• _Required action_:
The copy must run from the line containing "this 1344×1512 image." through the final line of the records, both included, exactly as written. It should contain no pictures.
BEGIN Supplied material
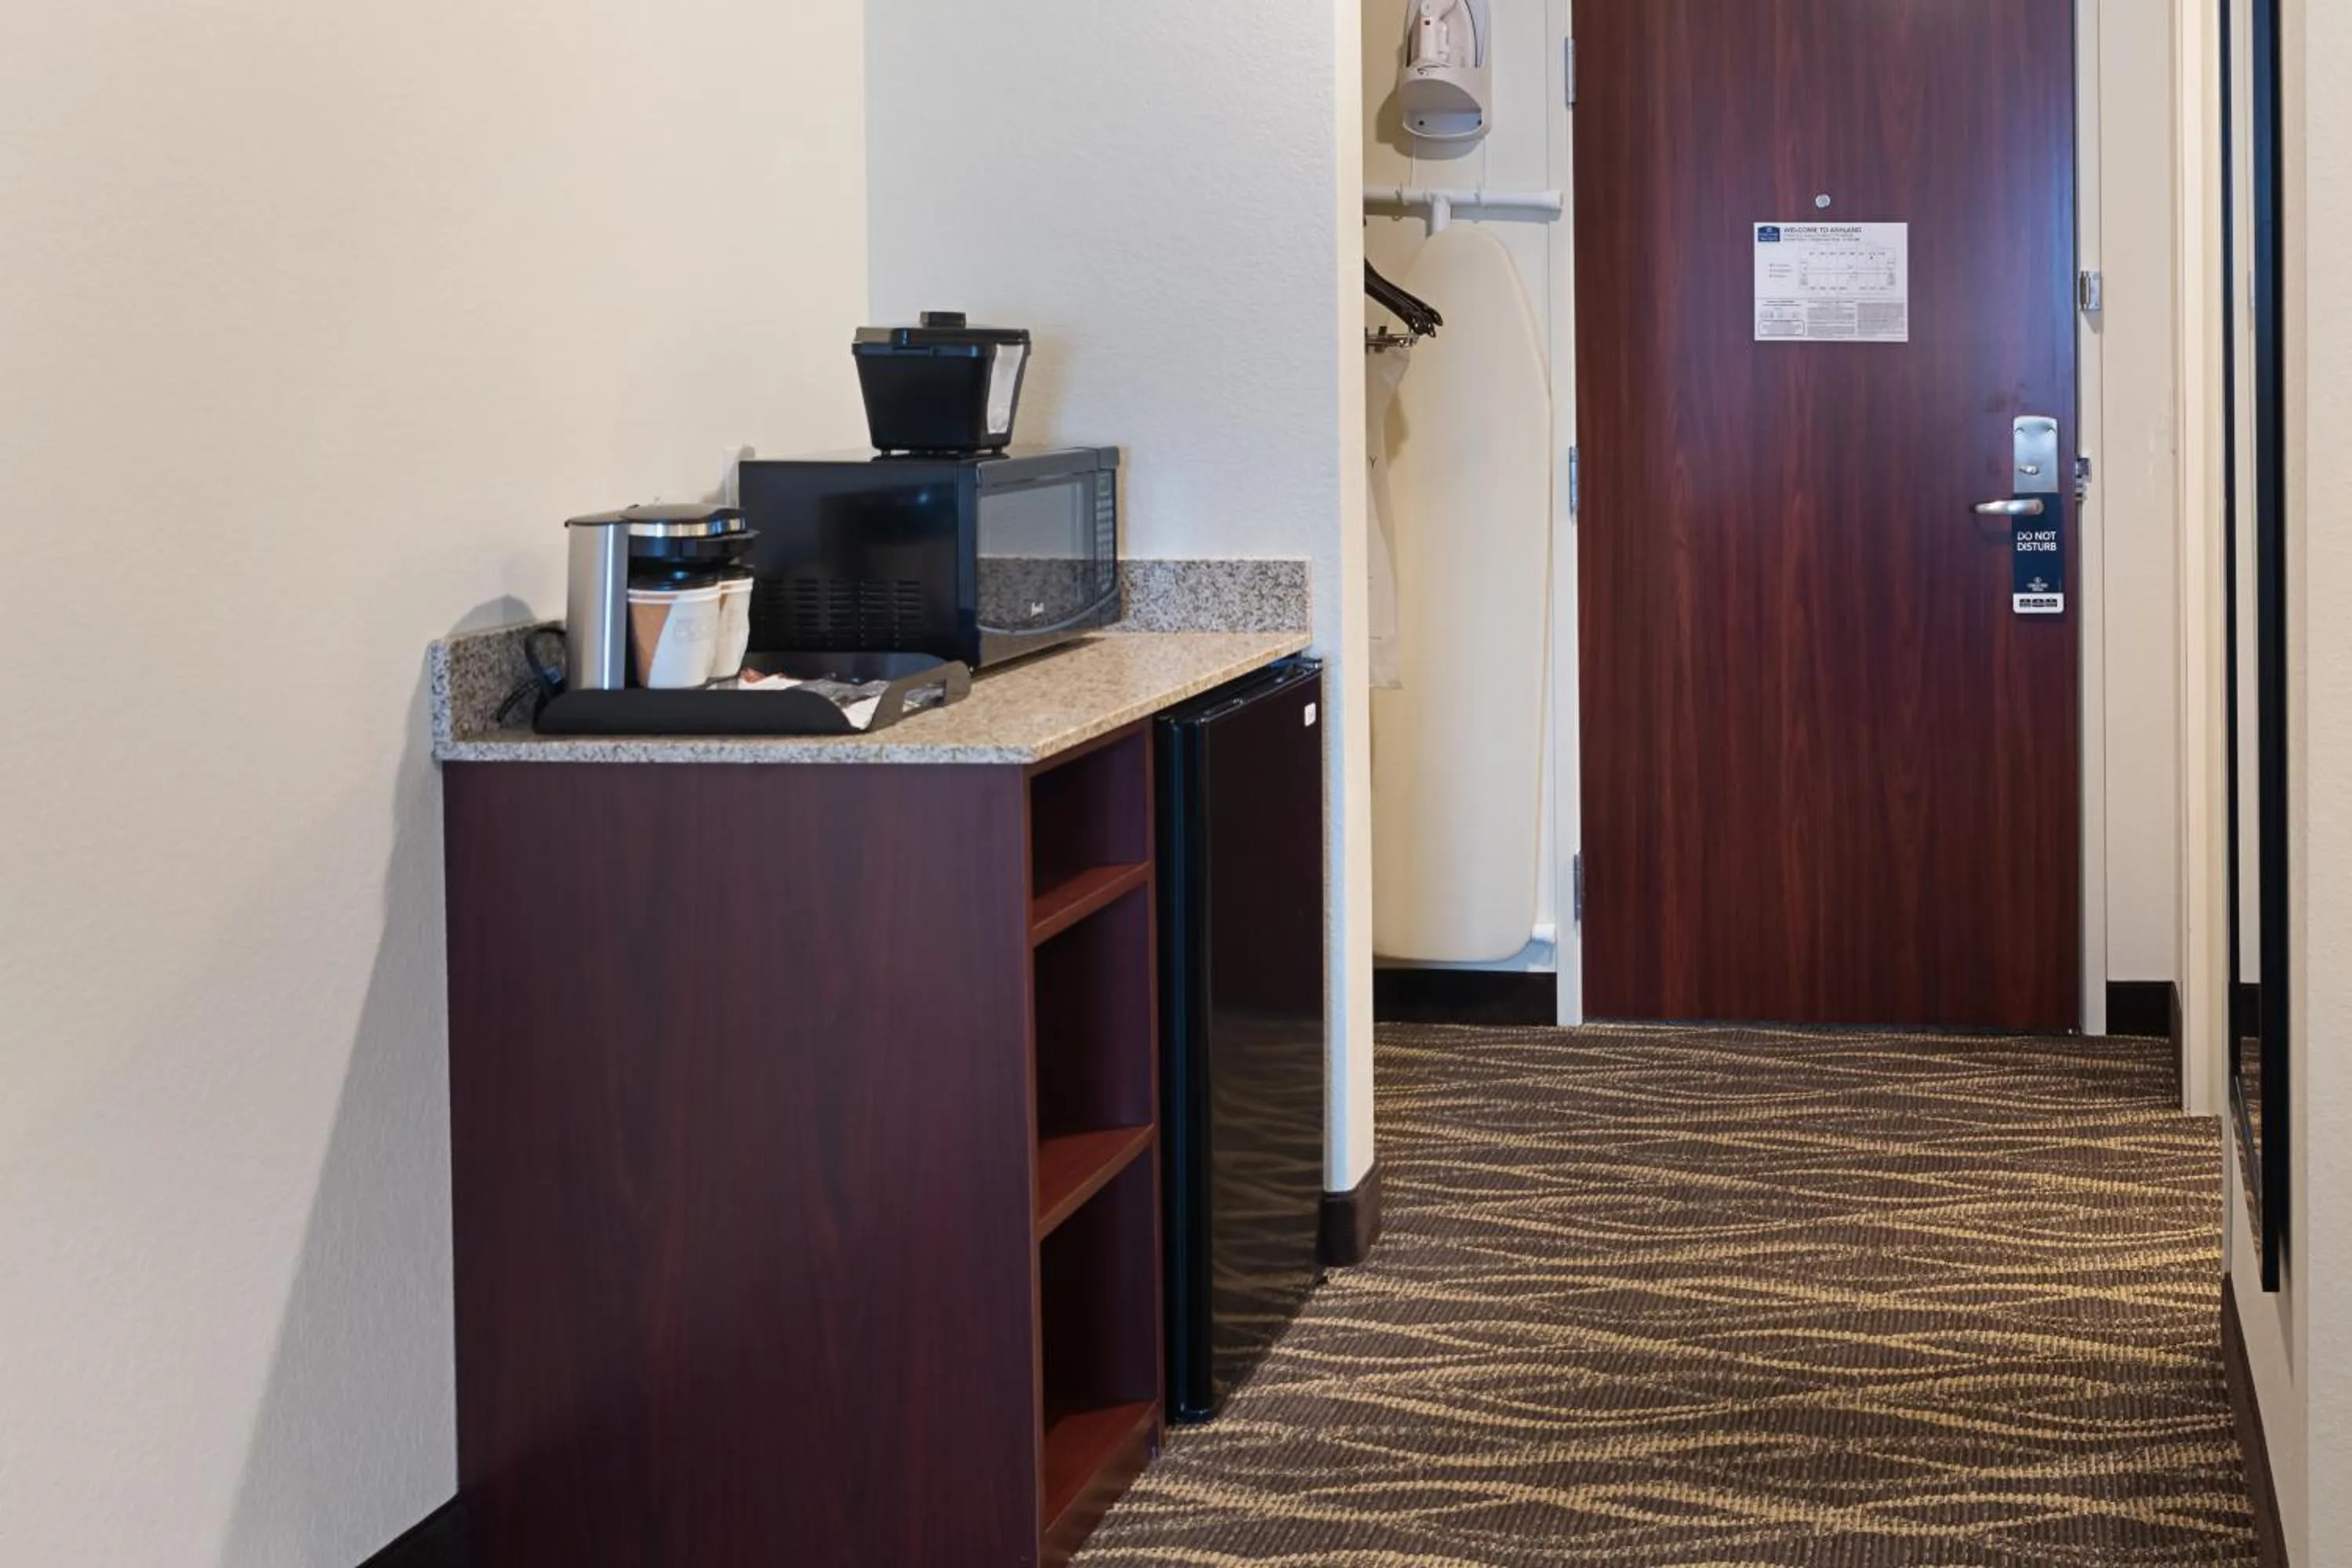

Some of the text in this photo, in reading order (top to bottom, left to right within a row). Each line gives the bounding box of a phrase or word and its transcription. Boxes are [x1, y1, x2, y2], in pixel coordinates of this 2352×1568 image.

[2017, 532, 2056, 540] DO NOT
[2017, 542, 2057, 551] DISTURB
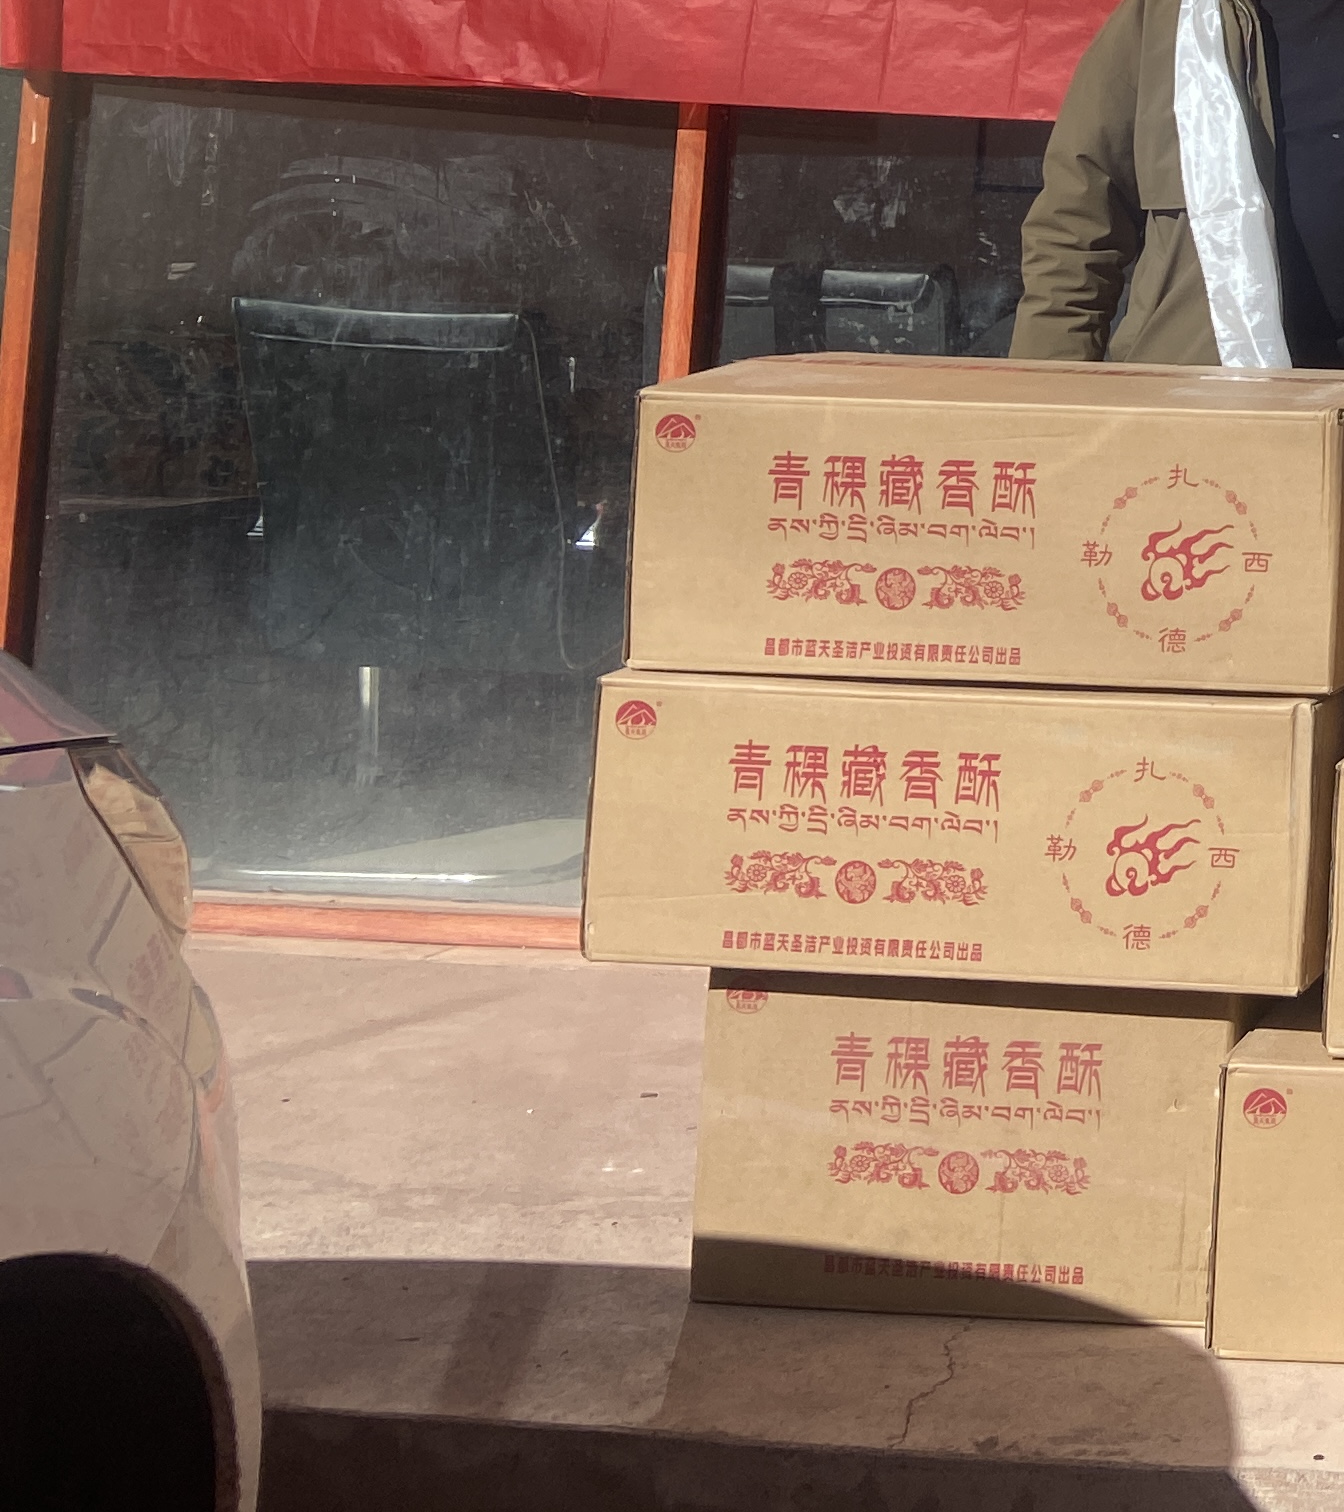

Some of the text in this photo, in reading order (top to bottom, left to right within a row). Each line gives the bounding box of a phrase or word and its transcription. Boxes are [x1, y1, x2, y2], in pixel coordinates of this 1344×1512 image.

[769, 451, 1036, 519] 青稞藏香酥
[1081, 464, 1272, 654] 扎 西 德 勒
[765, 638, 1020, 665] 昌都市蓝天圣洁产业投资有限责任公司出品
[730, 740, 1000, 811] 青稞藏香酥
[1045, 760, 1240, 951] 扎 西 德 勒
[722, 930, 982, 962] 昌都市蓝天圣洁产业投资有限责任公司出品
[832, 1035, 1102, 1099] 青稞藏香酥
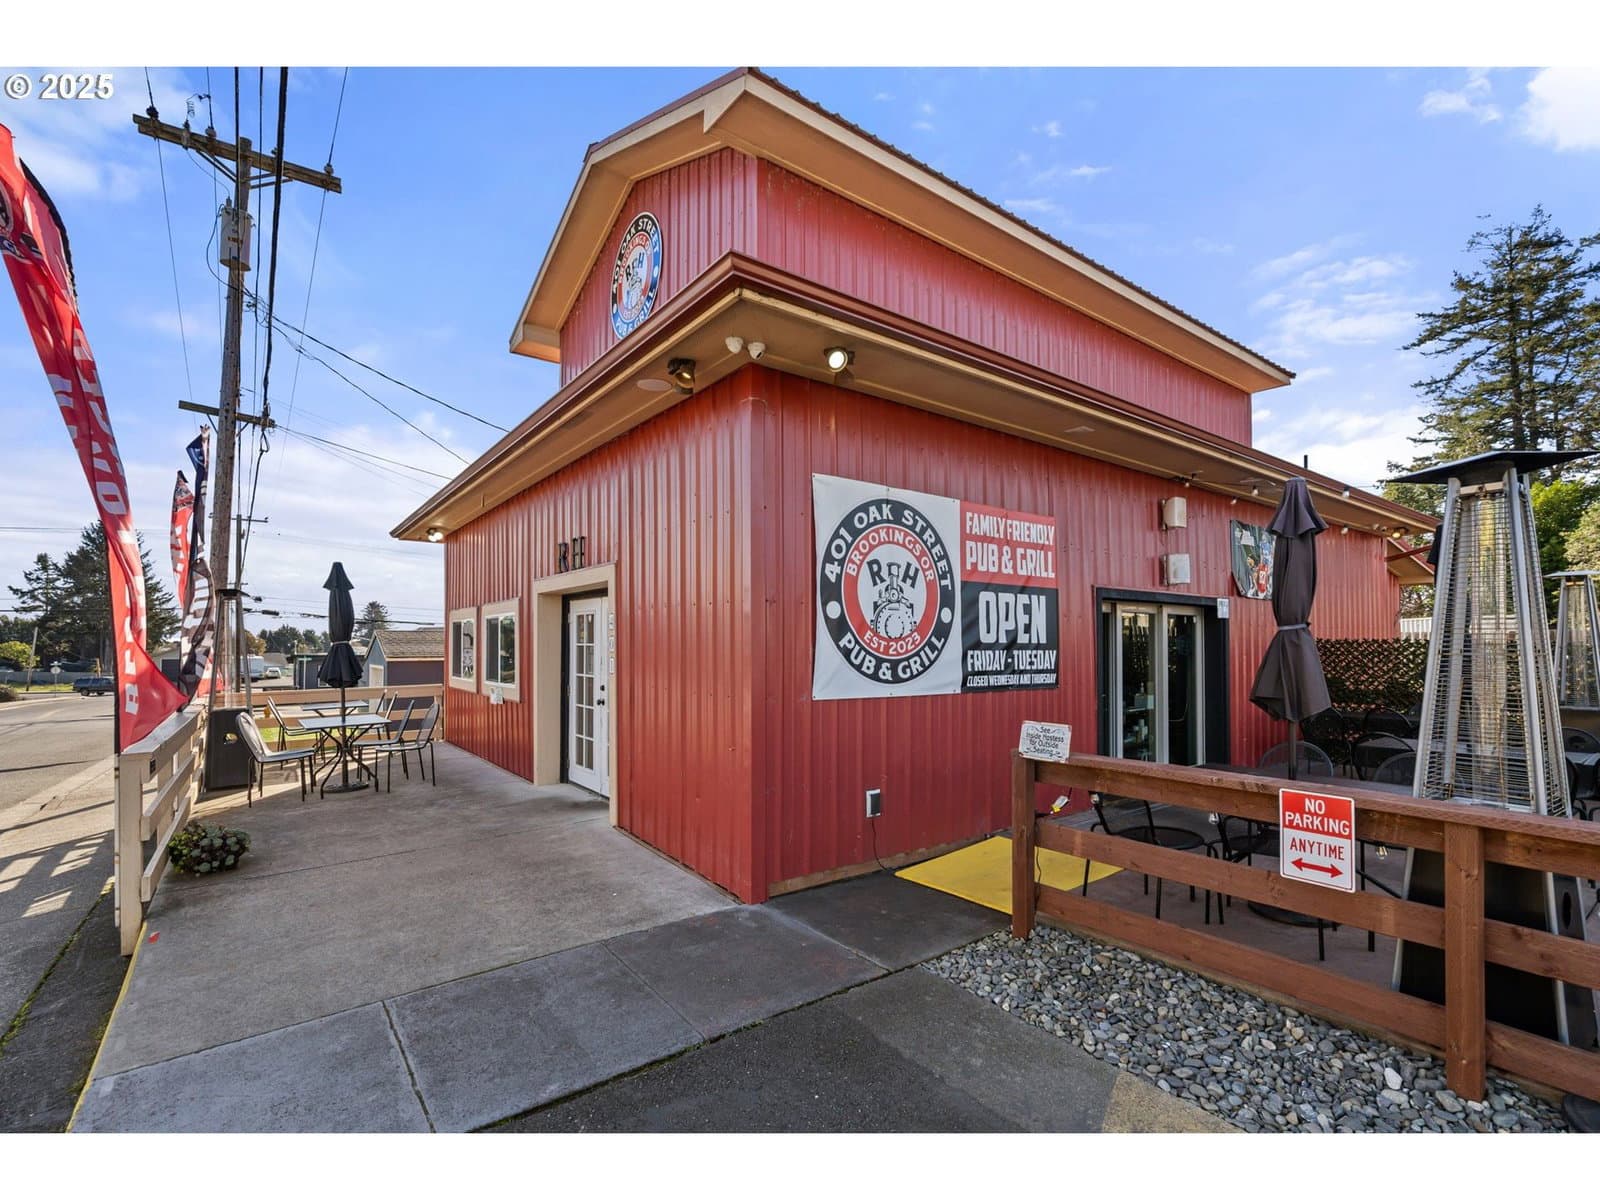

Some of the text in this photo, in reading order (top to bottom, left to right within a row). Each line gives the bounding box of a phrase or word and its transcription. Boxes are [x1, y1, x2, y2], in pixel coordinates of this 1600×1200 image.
END Supplied material
• _Problem solution_:
Some of the text in this photo, in reading order (top to bottom, left to right within a row). Each line gives the bounding box of a phrase or word and its transcription. Boxes are [x1, y1, x2, y2], in pixel coordinates of this 1344×1512 image.

[769, 451, 1036, 519] 青稞藏香酥
[1081, 464, 1272, 654] 扎 西 德 勒
[765, 638, 1020, 665] 昌都市蓝天圣洁产业投资有限责任公司出品
[730, 740, 1000, 811] 青稞藏香酥
[1045, 760, 1240, 951] 扎 西 德 勒
[722, 930, 982, 962] 昌都市蓝天圣洁产业投资有限责任公司出品
[832, 1035, 1102, 1099] 青稞藏香酥

Some of the text in this photo, in reading order (top to bottom, left to right within a row). Each line gives the bounding box of a phrase or word and its transcription. Boxes are [x1, y1, x2, y2], in pixel coordinates of this 1600×1200 image.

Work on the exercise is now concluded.